And our obligatory prescreening text chat isn’t too mind-numbing. If discussing the newest fad to practice yoga while goats climb on our backs doesn't scream sexy, I don't know what does.

Really though, how else am I supposed to break the awkward tension when messaging a stranger who could turn out to be obsessive, psychopathic, or worse... nice. It would be great if I had prior romantic experience to pull from. But I don’t. While everyone else my age was out having their sexual awakenings, I was burying myself in school and barely surmountable course loads. On the one hand, I’ve kept my clean-as-a-whistle academic record on its pedestal for all to see—Continental Air most especially. On the other, the art of the French kiss is vitally missing from my life’s report card.

I figured once I hit the first tailgate at UConn, shotgunned a Miller Lite, and wowed all the boys with some forced extroverted charm, it’d be smooth sailing from there. Yet, as much as I idolized the idea of lady in the streets but a freak in the sheets , I found myself watching from the sidelines too often to count. My roommates would make out with strangers at a New Haven nightclub or go skinny dipping without a second thought. And there I was, propped up in bed preferring to watch Little Women or Sleepless in Seattle for the thirtieth time. In my defense, my choice was a tad more appealing than slugging vodka shots until 3 a.m. just for a guy drenched in cologne and back sweat to stick his slobbery tongue down my throat. And thus began the self-fulling prophecy for a dating dry spell.

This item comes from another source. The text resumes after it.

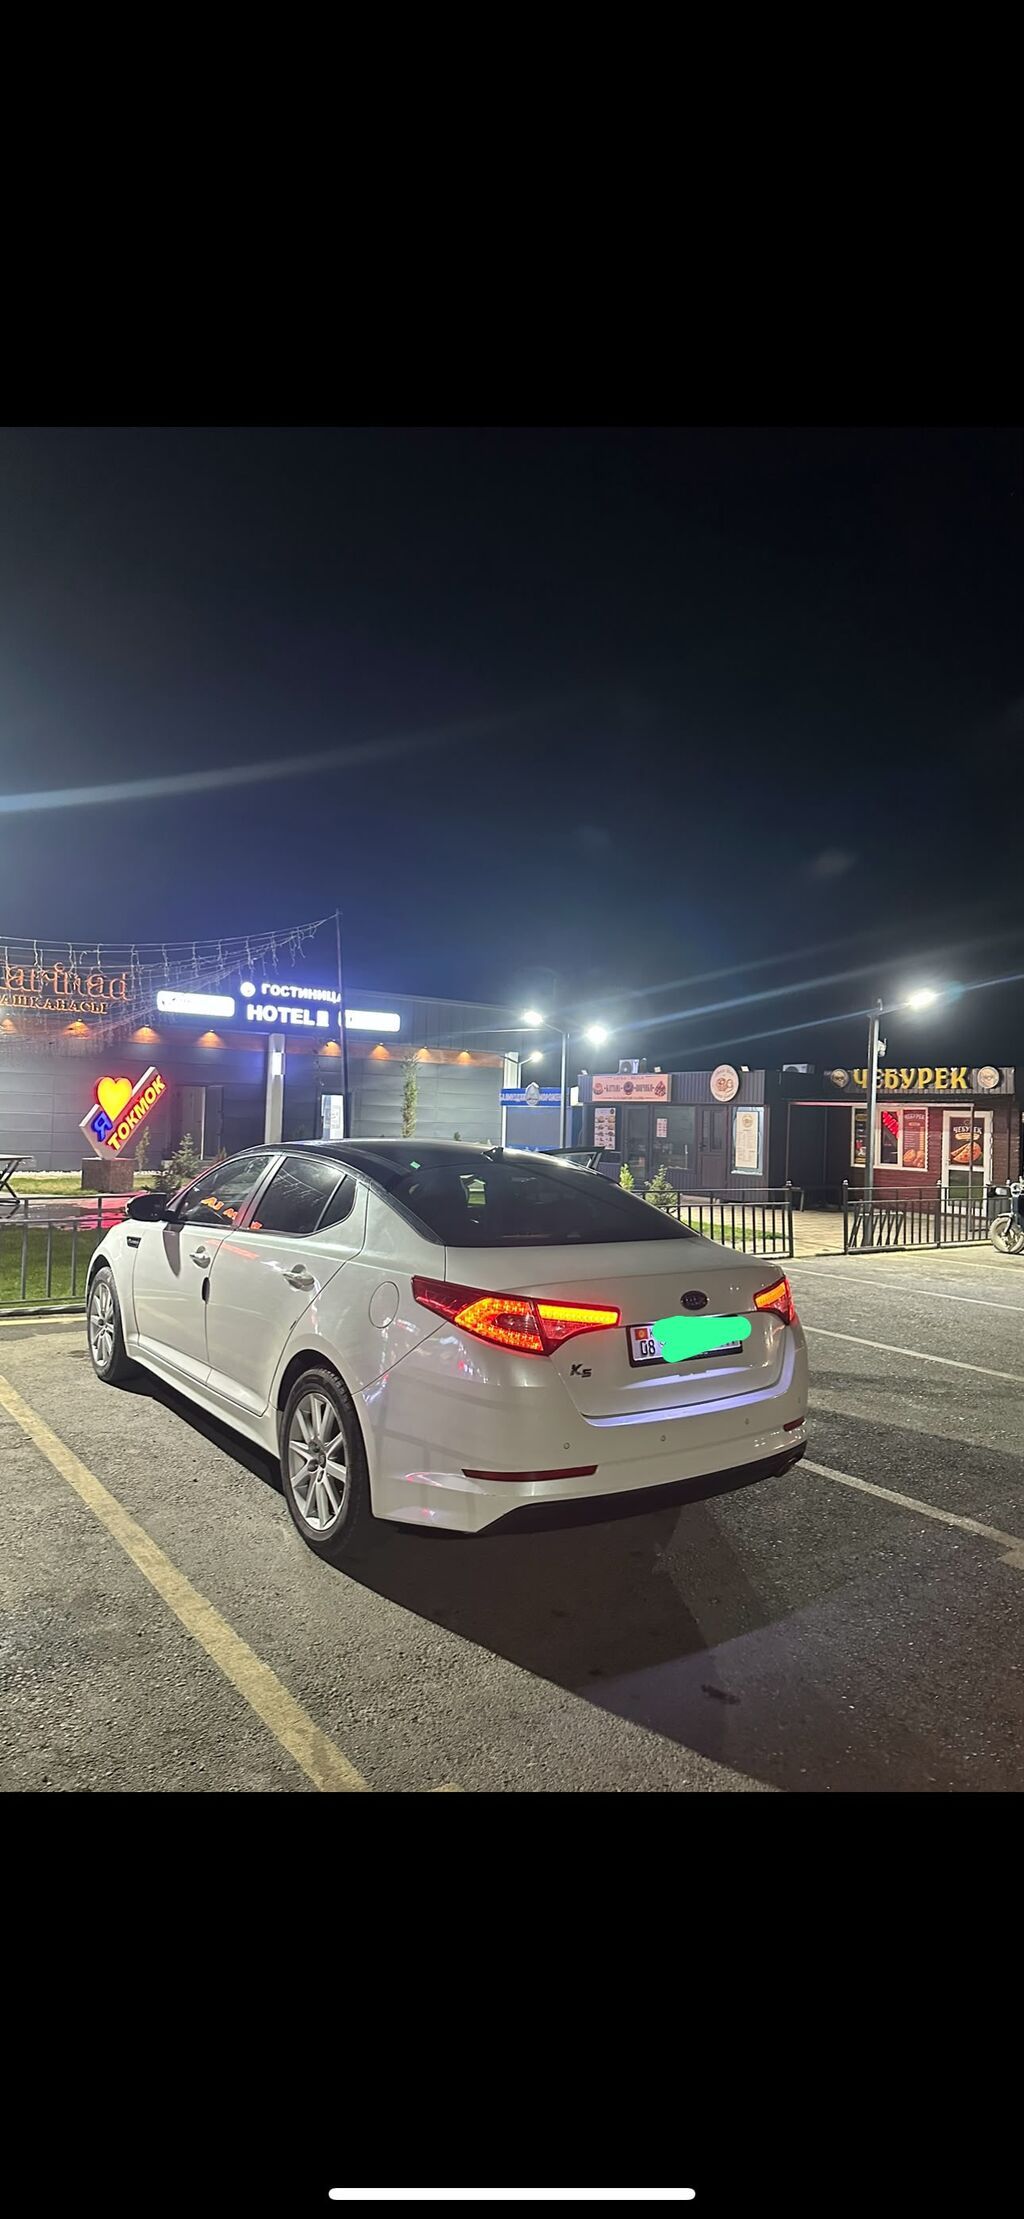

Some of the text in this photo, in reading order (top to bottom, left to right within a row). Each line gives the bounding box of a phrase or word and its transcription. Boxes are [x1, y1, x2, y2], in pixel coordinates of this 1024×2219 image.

Back to Conor. I wish I didn’t have to use a blurry picture of a guy from his first frat party to gauge my attraction toward him. Why can’t we have it like our parents did? Walk into a bar one night and find your mystery person hunched over a pool table. Better yet, what about the Jane Austen era? Walk downstairs and you oh-so-casually have company over to call on you. It’s always some bogus connection like a friend of a friend of a cousin’s old governess. Then, suddenly, the surrounding world collapses as your eyes meet theirs. From that moment on, whenever your paths cross, there’s a fire lit beneath you, a shortness in your breath—and no, it’s not the corset.

Wouldn’t that be nice. Sometimes I think Jane should be shelved in fantasy. There’s nothing general about that fiction.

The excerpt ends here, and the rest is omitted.